2. The positioning structure of a fast focusing camera lens according to claim 1, wherein: The connecting mechanism (4) includes a support (41), a fixing block (42), a guide rail (43), and an L-shaped plate (44). The support (41) is fixedly installed on the bottom left side of the image sensor (1). The fixing block (42) is fixedly connected to the left side of the top of the support (41). The guide rail (43) is fixedly connected to the top of the fixing block (42). The L-shaped plate (44) is slidably connected to the top of the guide rail (43). The top of the L-shaped plate (44) is fixedly connected to the bottom of the slider (33).

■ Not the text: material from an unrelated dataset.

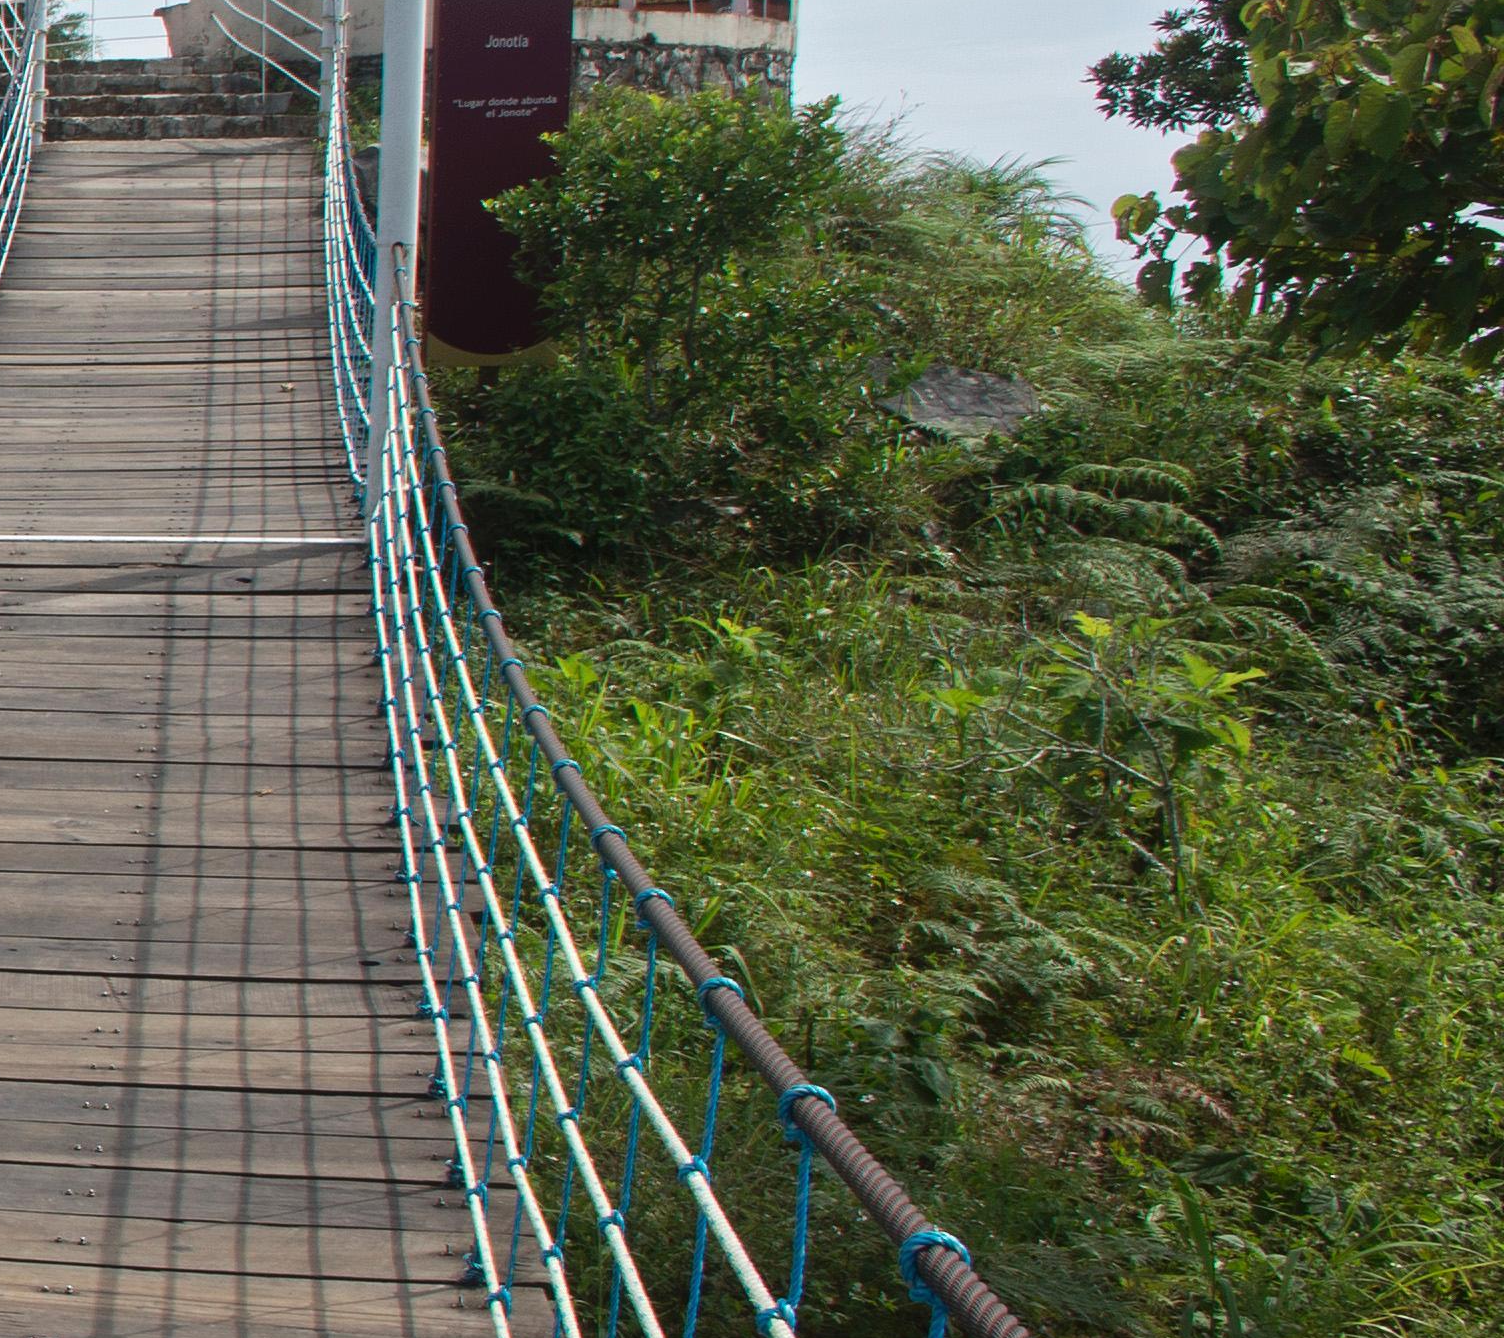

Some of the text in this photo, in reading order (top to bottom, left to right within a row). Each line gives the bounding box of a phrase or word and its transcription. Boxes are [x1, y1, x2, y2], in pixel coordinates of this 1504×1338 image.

[488, 97, 519, 107] donde
[521, 94, 557, 105] abunda
[485, 108, 495, 118] el

The end of the L-shaped plate (44) away from the guide rail (43) is slidably connected to the top of the fixing block (42). The drive assembly (5) is fixedly connected to the left side of the support (41).

3. The positioning structure of a fast focusing camera lens according to claim 2, wherein: The drive assembly (5) includes a voice coil motor (51) and a pusher block (52). The voice coil motor (51) is fixedly connected to the left side of the support (41), and the pusher block (52) is fixedly connected to the output end of the voice coil motor (51). The left side of the pusher block (52) is fixedly connected to the right side of the slider (33).

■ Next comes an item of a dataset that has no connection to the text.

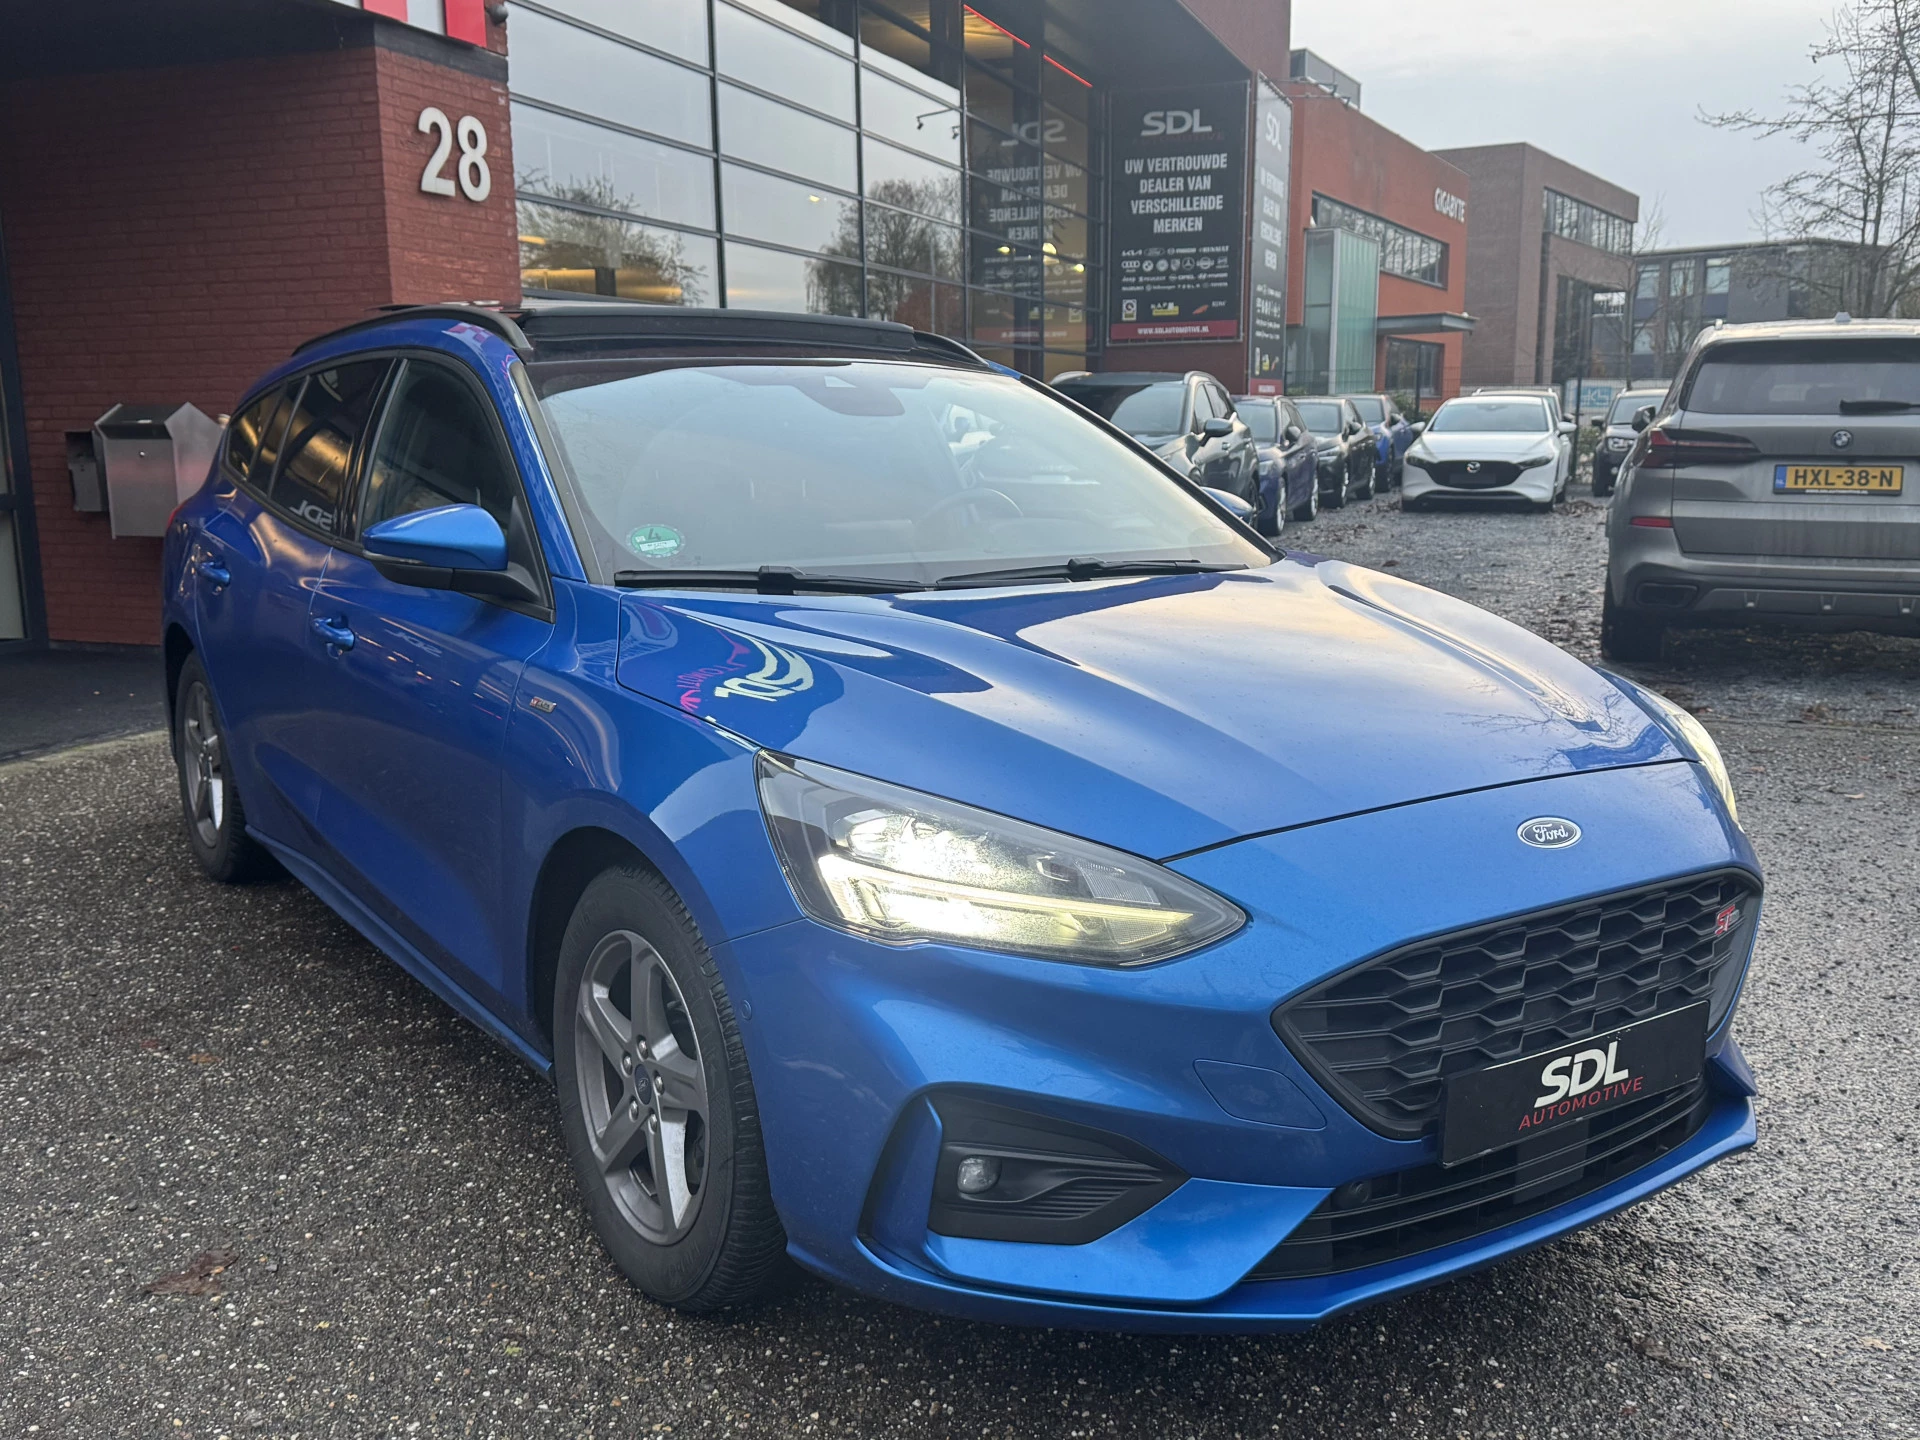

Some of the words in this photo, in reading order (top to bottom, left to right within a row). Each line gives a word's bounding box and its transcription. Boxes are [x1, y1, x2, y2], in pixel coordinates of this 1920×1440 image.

4. The positioning structure of a fast-focusing camera according to claim 2, characterized in that: The top of the fixing block (42) and the position corresponding to the L-shaped plate (44) are provided with a groove (6), and the groove (6) is used in conjunction with the L-shaped plate (44).

5. The positioning structure of a quick focusing camera lens according to claim 2, wherein: A slot (7) is provided at the bottom of the slider (33) and at the position corresponding to the L-shaped plate (44), and the slot (7) is used in conjunction with the L-shaped plate (44).

6. The positioning structure of a quick focusing camera lens according to claim 2, wherein: A groove (8) is provided at the bottom of the L-shaped plate (44) and at the position corresponding to the guide rail (43). The groove (8) is used in conjunction with the guide rail (43).

7. The positioning structure of a fast focusing camera lens according to claim 2, wherein: The left and right sides of the top of the guide rail (43) are connected by screws (9) through threads. The bottom of the screws (9) penetrates the bottom of the guide rail (43) and is movably connected to the top of the fixing block (42).

8. The positioning structure of a fast focusing camera lens according to claim 2, wherein: The top of the slider (33) is movably connected to the top of the L-shaped plate (44) by bolts, and the slider (33) and the L-shaped plate (44) are used together.